Effects of liver-specific Ghr deletion on growth. A, similar tibia lengths were observed in GHRLD mice (right) when compared with littermate controls (left). Shown here are tibias harvested from 16-week-old female mice. Control signifies littermates without the Alb-Cre transgene (Ghrfl/fl) unless otherwise specified. B, histological analysis of growth plate of tibia bones isolated from GHRLD mice (right) and littermate controls (left), showing similar size.

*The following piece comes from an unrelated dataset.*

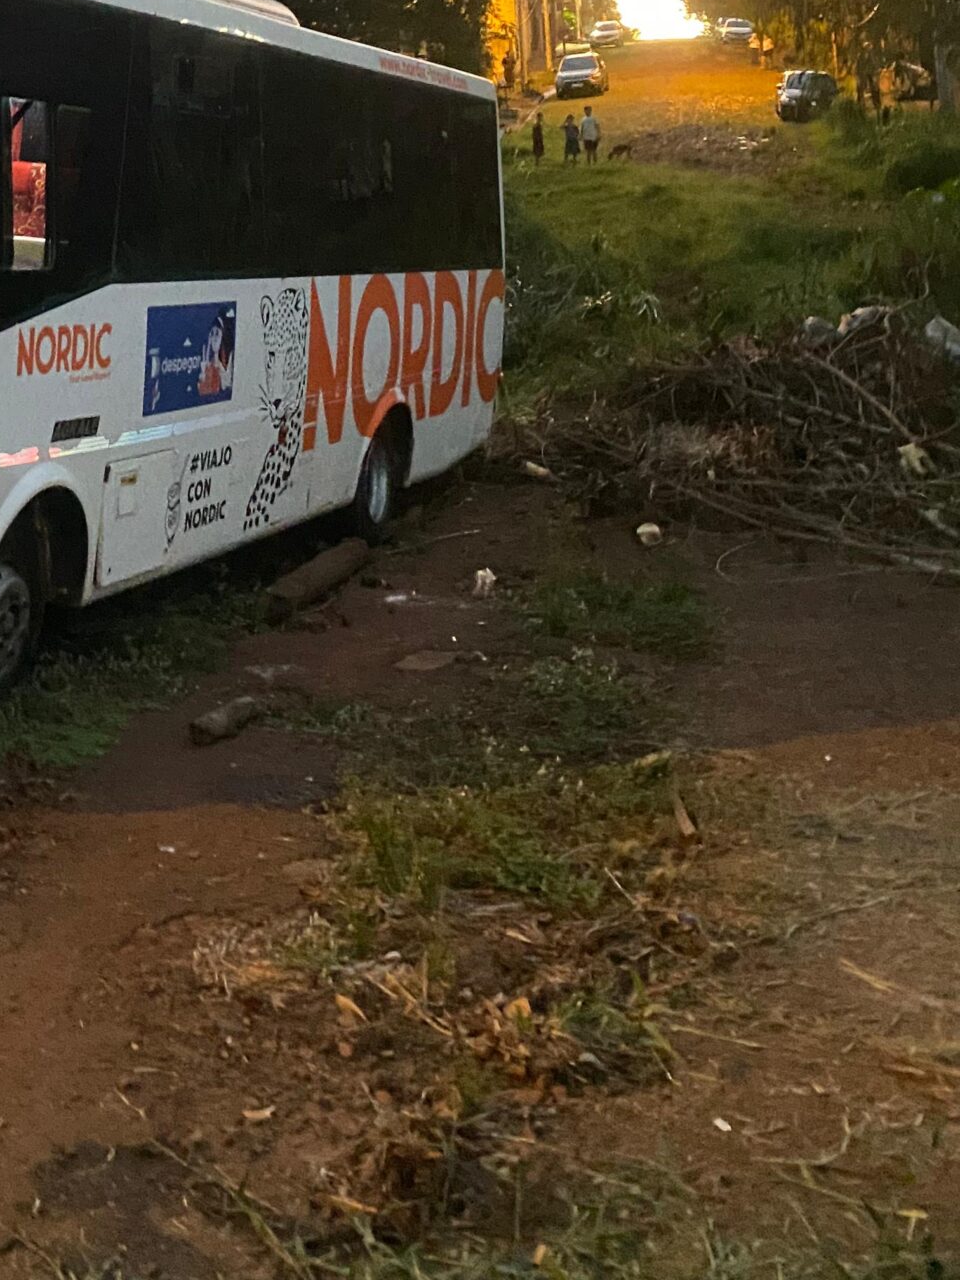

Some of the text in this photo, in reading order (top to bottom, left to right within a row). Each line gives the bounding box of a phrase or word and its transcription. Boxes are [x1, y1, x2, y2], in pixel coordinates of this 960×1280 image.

C, x-ray analysis of femur bones harvested from GHRLD mice and control littermates, showing that GHRLD mice have less bone density. D, examples of micro-CT images of femurs from GHRLD mice and controls. E, quantification of bone volume of GHRLD femurs based on micro-CT image analysis. ***, p < 0.002. Error bars indicate mean ± S.E.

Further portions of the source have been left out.